*** Exercise material Section Begins ***

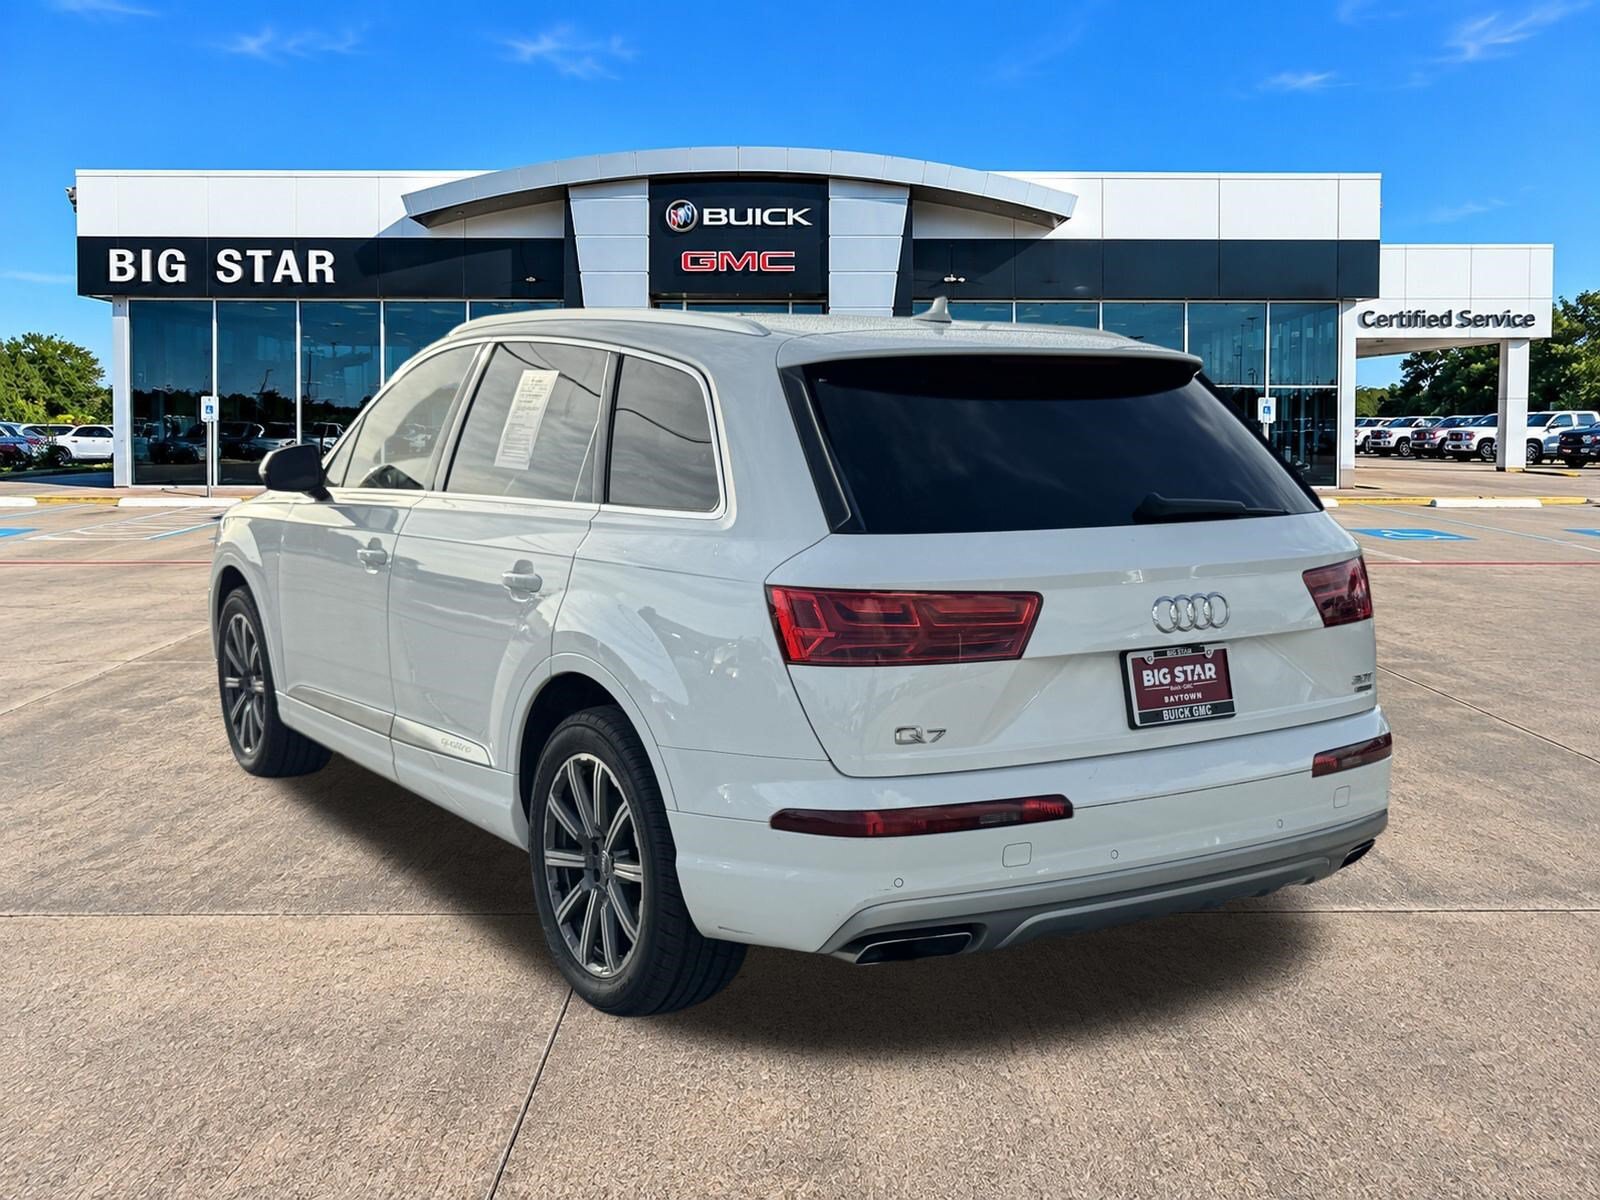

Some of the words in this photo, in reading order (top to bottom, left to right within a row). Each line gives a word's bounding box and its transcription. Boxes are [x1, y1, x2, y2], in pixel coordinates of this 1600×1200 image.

[703, 208, 813, 226] BUICK
[108, 248, 187, 283] BIG
[216, 248, 335, 283] STAR
[681, 251, 795, 272] GMC
[1360, 309, 1452, 328] Certified
[1457, 309, 1536, 328] Service
[1142, 667, 1171, 687] BIG
[1174, 663, 1216, 683] STAR
[1164, 692, 1202, 703] BAYTOWN
[1163, 707, 1191, 721] BUICK
[1192, 705, 1212, 718] GMC
[895, 725, 947, 745] Q7

*** Exercise material Section Ends ***

Retype each entry precisely. Skip images entirely.

Some of the words in this photo, in reading order (top to bottom, left to right within a row). Each line gives a word's bounding box and its transcription. Boxes are [x1, y1, x2, y2], in pixel coordinates of this 1600×1200 image.

[703, 208, 813, 226] BUICK
[108, 248, 187, 283] BIG
[216, 248, 335, 283] STAR
[681, 251, 795, 272] GMC
[1360, 309, 1452, 328] Certified
[1457, 309, 1536, 328] Service
[1142, 667, 1171, 687] BIG
[1174, 663, 1216, 683] STAR
[1164, 692, 1202, 703] BAYTOWN
[1163, 707, 1191, 721] BUICK
[1192, 705, 1212, 718] GMC
[895, 725, 947, 745] Q7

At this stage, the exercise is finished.